I take exception with the ten thousand hours idea because it ignores a key consideration. The book Outliers makes it seem like if you log the hours, you will be successful. This is just untrue. There are way, way more musicians, athletes, and nerds who put in their time than are successful. The Beatles succeeded because they were lucky, they were discovered by a (also lucky) guy named Brian Epstein who put them in the right place at the right time. After all, if they were so polished and great, why did nearly every record label reject them? NBA players are lucky that they avoided injury, other mishaps, that they played for the right coaches and right teams and go the right attention. Bill Gates was only one of many aspiring tech entrepreneurs, and he happened to get the contract with IBM.

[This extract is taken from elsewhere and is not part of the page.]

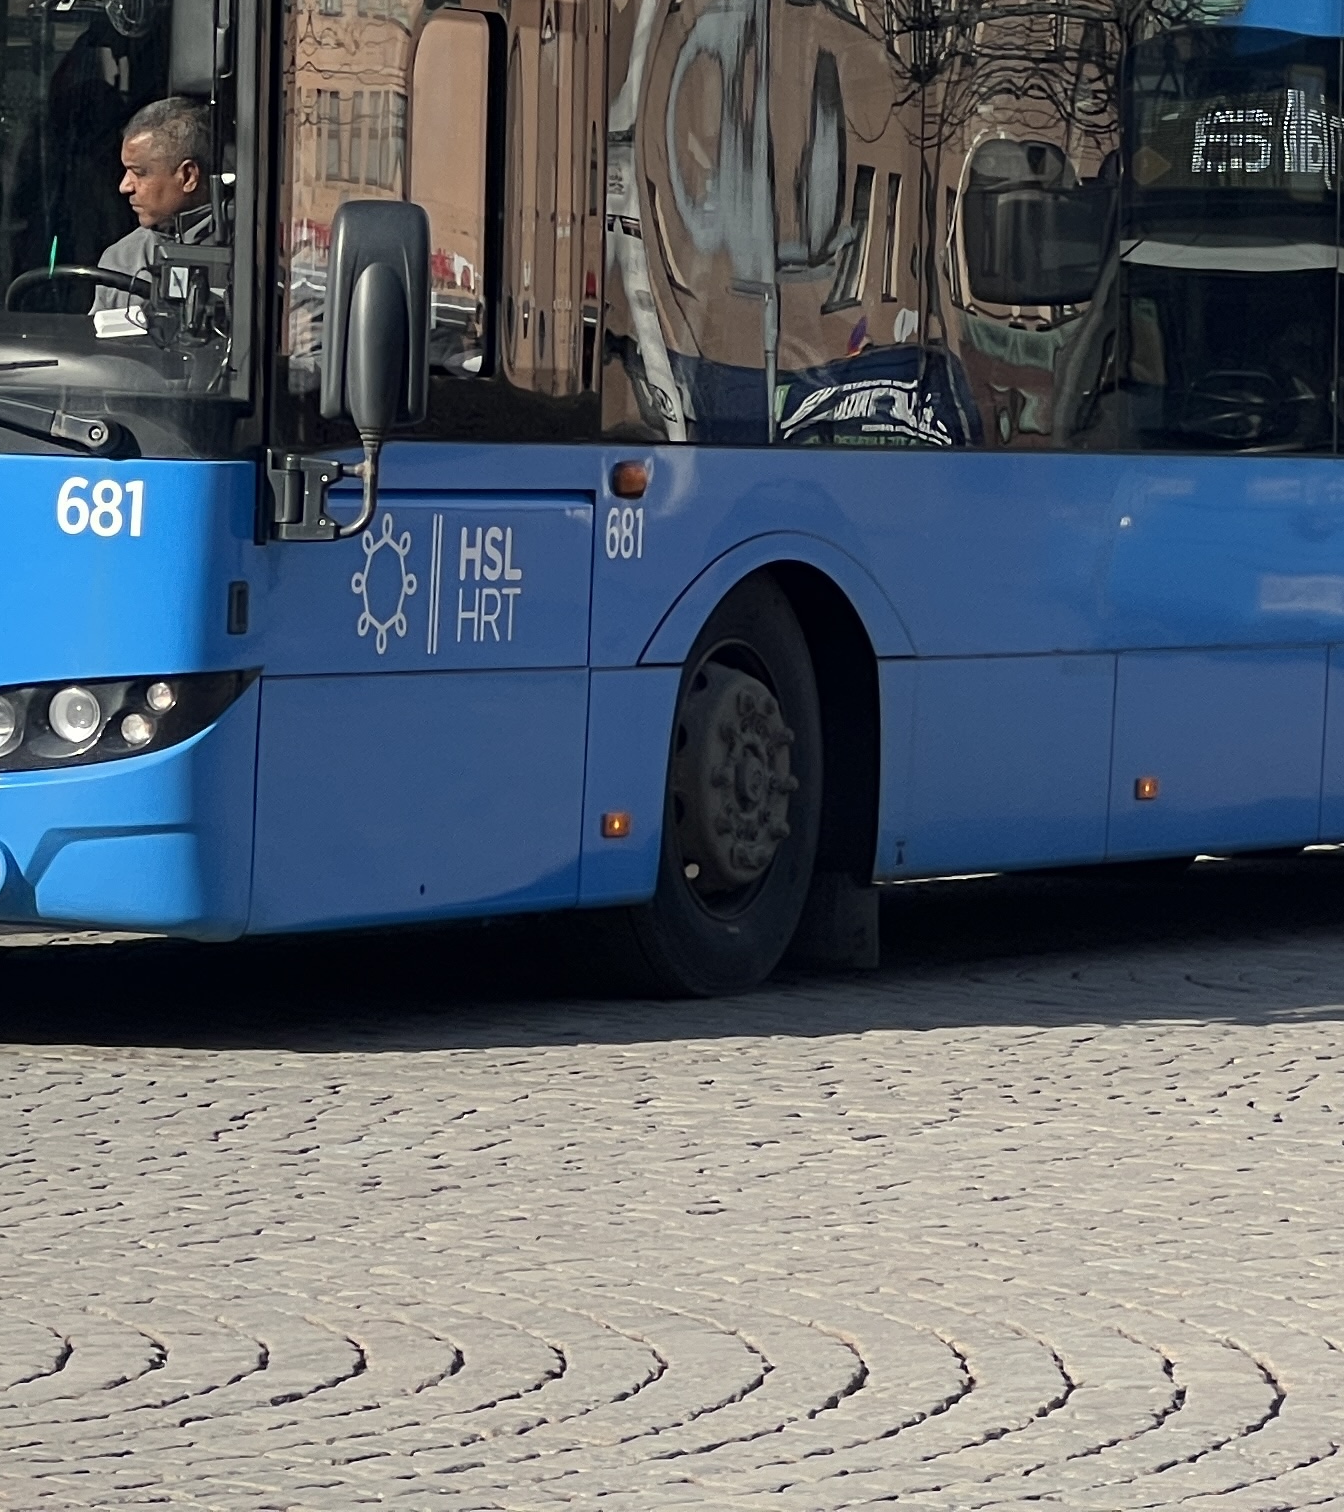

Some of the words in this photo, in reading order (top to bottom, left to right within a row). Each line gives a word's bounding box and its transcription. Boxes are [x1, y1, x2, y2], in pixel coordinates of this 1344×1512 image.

This is not to say that the ten thousand hours don’t help – of course they do. In fact, I would say they are nearly necessary to success (in order for them to be completely necessary, then every successful person must have put in their time, which is not the case). But they do not guarantee success. It’s like the lottery – if you own a ticket, it’s not a sure thing you will win; but if you don’t own a ticket, you definitely won’t win. The practice is your ticket.

I’m hoping to be an exceptional blogger. Over the past month I’ve been doing this, I have probably put in about 20 hours. Only 9,980 to go!

2 comments:

  1. Is there not also the issue that only the 'winners' were surveyed. Someone can practice for 10,000 hours and still not be much better (theoretically) and therefore never be chosen as the winner. I think that any of the 'So you think you can dance' or 'American Idol' tryouts would validate that.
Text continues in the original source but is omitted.